報道写真家から

我々が信じてきた世界の姿は、本当の世界の実像なのか

コンゴ内戦(1)

2005年01月13日 19時57分56秒 | ●コンゴ内戦
──爆弾テロのナイロビから内戦のコンゴへ──

 ナイロビの米大使館爆破テロから二週間も経つと、爆破テロ跡は、きれいに瓦礫が撤去された。そこで凄まじいテロがあったという記憶も撤去されたかのように、ナイロビの街も普段の生活へともどっていった。

 しかし、爆弾テロは、アフリカをのんびり旅をしながら撮影するという僕の計画を吹き飛ばしてしまった。とてもそんな気分ではなかった。

 爆弾テロの数日前、コンゴ民主共和国(旧ザイール:以下コンゴ)で内戦が勃発していた。
 カビラ大統領に対して、反乱軍が蜂起したのだ。
 このコンゴの内戦を取材しようと決めた。

 カビラ大統領について、僕が知っていたのは、反乱軍を組織し、32年間のモブツ大統領の独裁体制を終焉させ、選挙もなく勝手に大統領に就任し、国名をザイールからコンゴ民主共和国へと変更した、ということくらいだった。

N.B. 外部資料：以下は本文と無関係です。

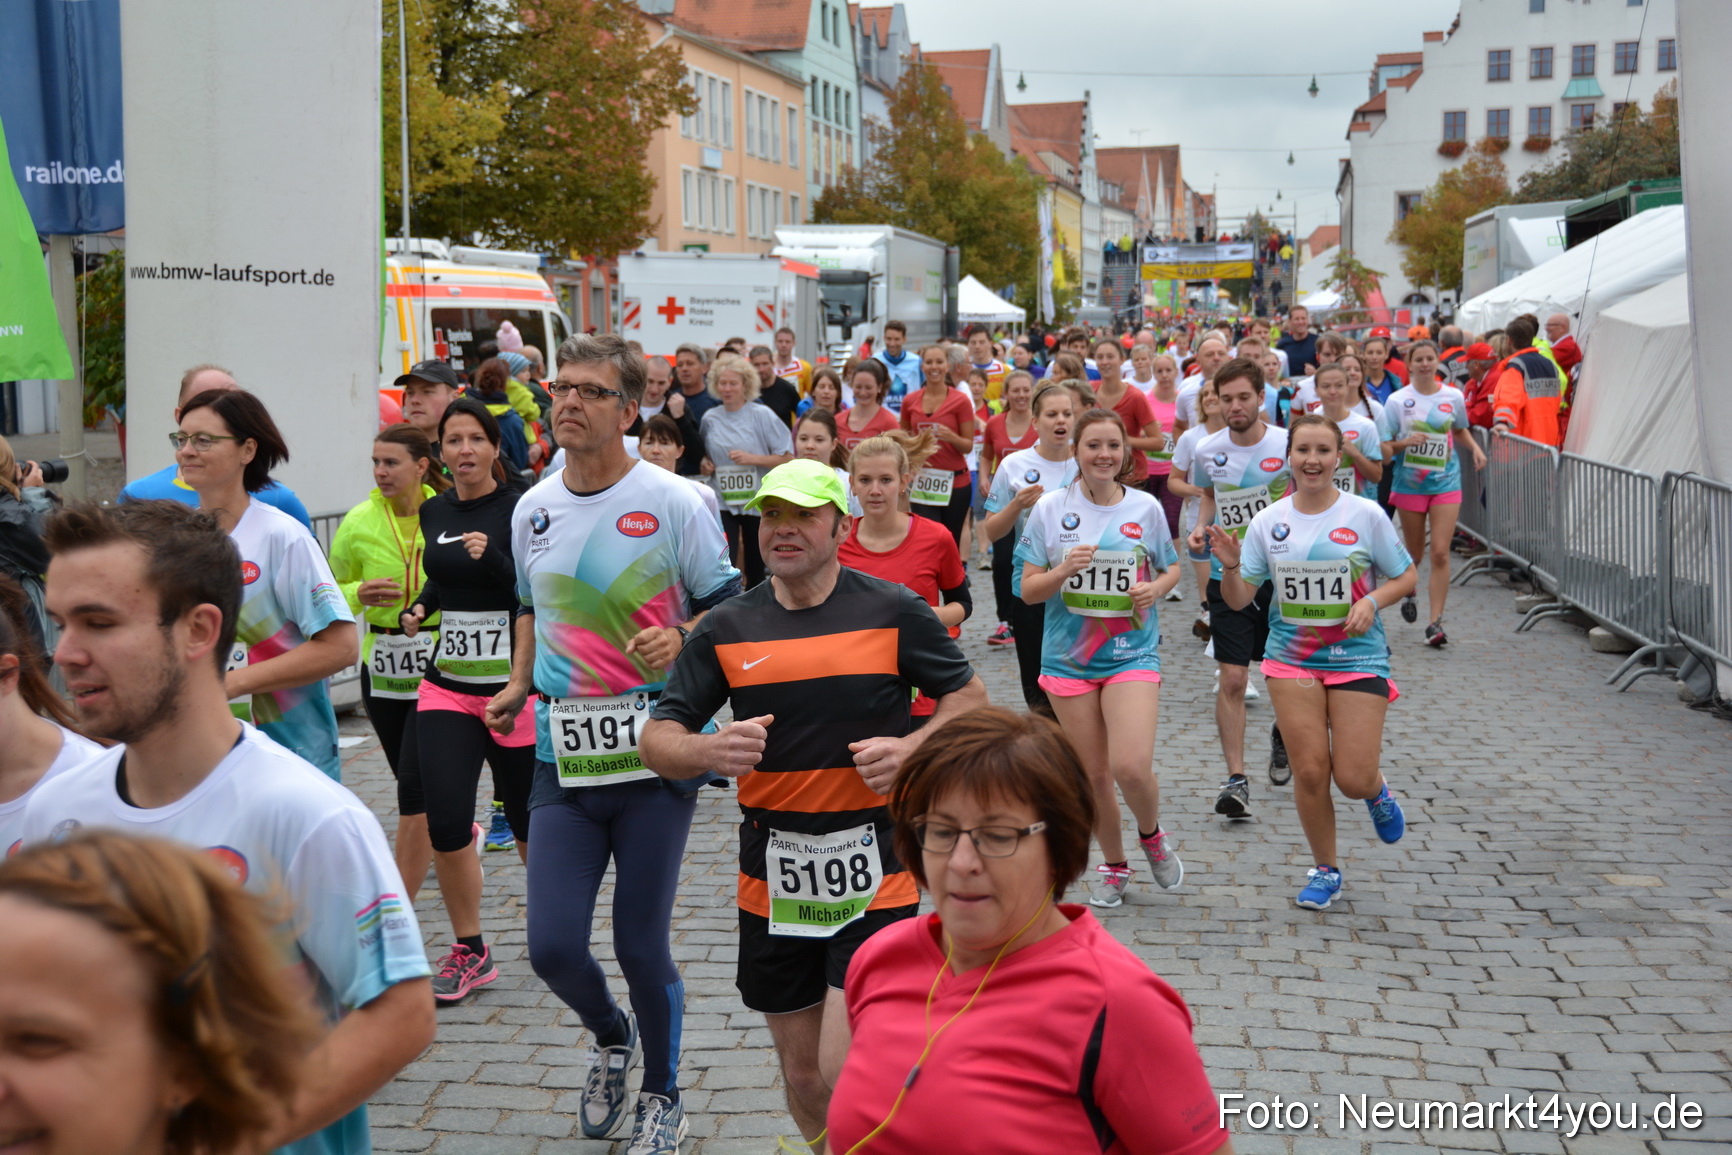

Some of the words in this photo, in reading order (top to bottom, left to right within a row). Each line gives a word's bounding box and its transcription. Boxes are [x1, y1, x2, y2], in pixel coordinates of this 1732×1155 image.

 しかし、反乱軍を組織し、モブツの絶対体制を終わらせたカビラだが、大統領になって一年で、今度は自分に対して反乱軍が蜂起した。ケニアの新聞には、カビラも結局モブツと同じ独裁者にすぎなかったと書かれていた。

 カビラは、かつてアフリカに来たチェ・ゲバラと共に戦ったこともある。しかし、ゲバラはすぐに愛想をつかしてキューバに帰ってしまった。カビラは革命家でも何でもなく、ダイヤモンドの採掘と密輸で財を成し、その財力で武器と兵士を調達し、国を乗っ取りたいだけの男だった。さすがに、ゲバラは人を見る目がある。
 カビラはそんな男だったが、32年後ついに国を乗っ取ってしまった。
 モブツの独裁政権にうんざりしていた国民は、カビラを開放の闘志と思い込み、カビラの反乱を支持した。モブツは国を逃げ出し、あっさりカビラが政権をとった。しかし、ようやく民主政治が実現されるという国民の期待はみごとに裏切られた。国を私物化したカビラは、モブツとまったく同じ独裁体制を敷いたにすぎなかった。

 大統領に就いたカビラが、まず行ったのが、モブツを倒すために共闘した「ツチ族」を国から追い出すことだった。それがカビラの命取りとなった。カビラに利用され、そして裏切られた「ツチ族」勢力がまず蜂起の狼煙をあげた。そこへコンゴ人の勢力が次々に合流し、反乱軍の勢力は拡大した。そこへ、ツチ族政権のルワンダやウガンダ、ブルンジが反乱軍を全面的にサポートした。
 さらに豊富な鉱物資源を狙う多国籍企業が暗躍し、コンゴの内戦を長期化・泥沼化した。

 現在、コンゴ民主共和国は、国を東西に二分する形で、膠着している。
 国連が介入しているが、豊富な資源の眠るコンゴの内戦が、収拾することは期待できないだろう。
 国連は、所詮、大国の利益代表にすぎない。


 98年9月、ナイロビの爆弾テロの余韻も冷めぬまま、僕はコンゴへ向かった。
 めざすは反乱軍の拠点ゴマだ。